International interest in materials such as gold and cobalt has the potential to create further illicit behaviour and security risks. In 2019, mine production of cobalt in the DRC totalled 100,000 metric tons, accounting for 70 per cent of global production. Cobalt, among other minerals, is essential to manufacturers like Tesla, as they are commonly used in modern technologies such as electric vehicles.
ITSCI, which is run by the International Tin Association, ITA and Tantalum-Niobium International Study Center, TIC, represents many of the major buyers of 3T minerals, in particular, coltan and tantalum from DRC, a conflict of interest and “self-policing” which lead investigator Alex Kopp tells The Africa Report is the root of the problem.
ITSCI’s scheme is intended to regulate minerals from traders. On its website, the organisation describes its purpose as “to create responsible mineral supply chains that avoid contributing to conflict, human rights abuses, or other risks such as bribery, currently in central Africa.”
‘‘ Miners earn very little.
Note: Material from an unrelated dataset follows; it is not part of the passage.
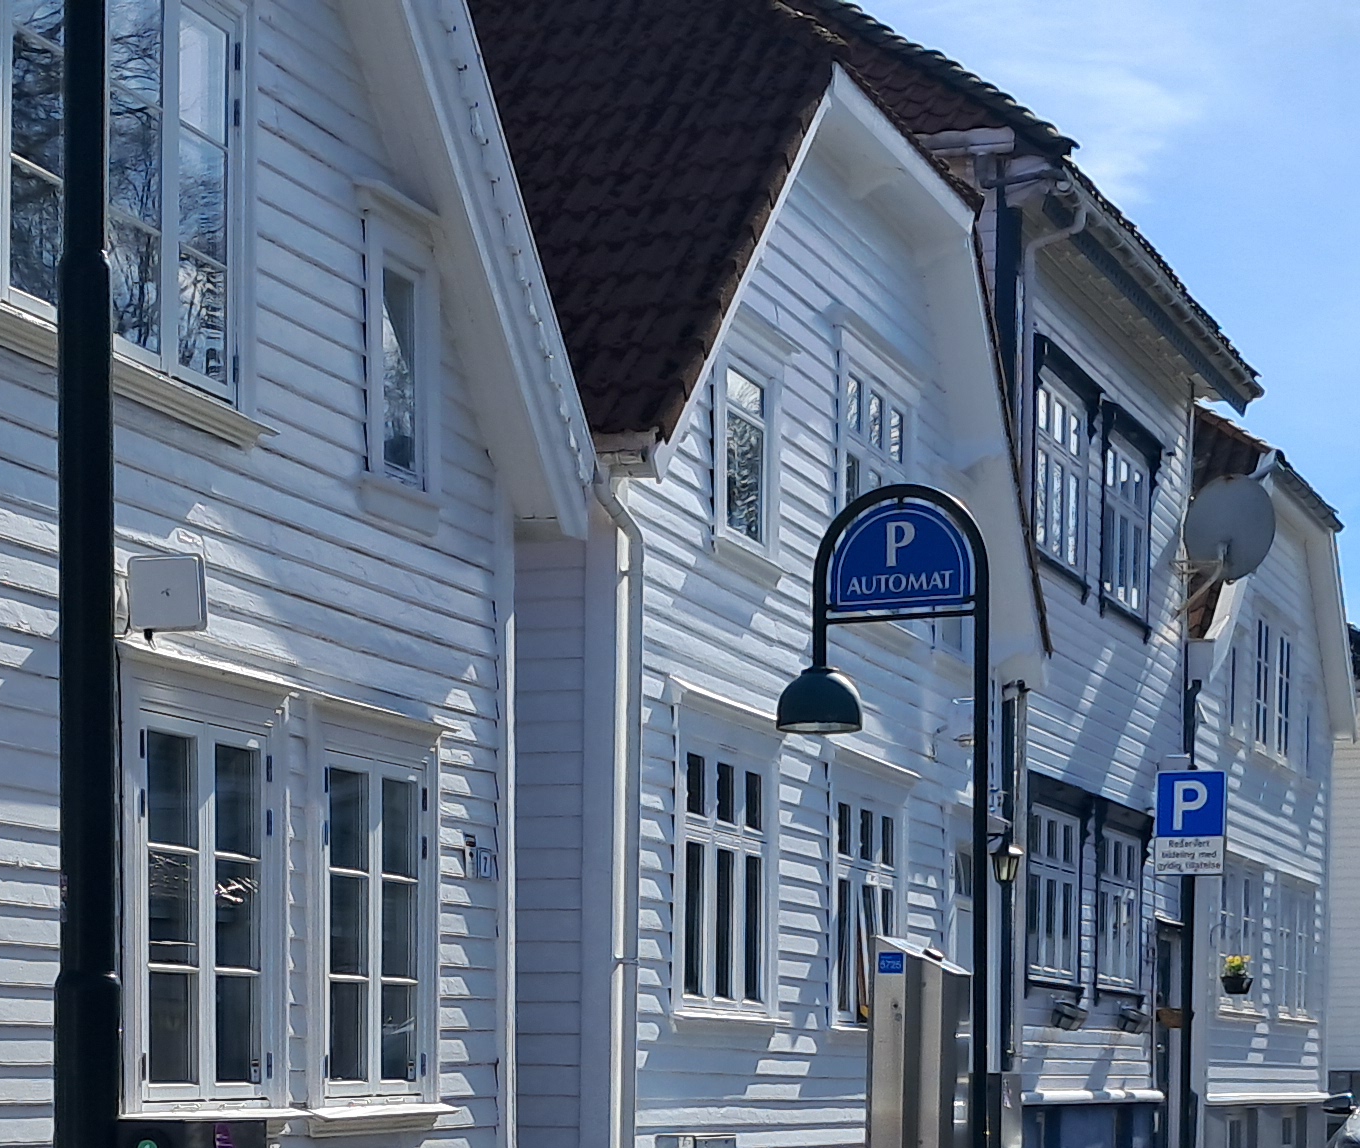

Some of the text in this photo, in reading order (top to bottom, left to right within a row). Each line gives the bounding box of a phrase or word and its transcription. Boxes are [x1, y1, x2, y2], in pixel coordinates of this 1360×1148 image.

[885, 520, 916, 568] P
[846, 569, 954, 596] AUTOMAT
[1172, 779, 1208, 831] P
I think it’s really problematic that Western countries cannot impose on them a system which in theory should ensure responsible sourcing. But in practice, it really doesn’t work.’’
The process requires traders to seal bags from “green-rated” mines which are then exported. However, the investigation revealed that many bags were being tagged without regulation, often under the supervision of government officials. In some cases, it appears that “ITSCI field staff actively collaborate with miners and officials to launder minerals and in some cases take a cut of the illicit proceeds.”
In a response to the investigation, ITSCI said, “We strongly believe that ITSCI plays a credible and valuable role in responsible sourcing of 3T minerals through our joint-industry due diligence programme, in which we engage extensively with our stakeholders. We believe the criticism aimed at ITSCI to be unbalanced and unreasonable.”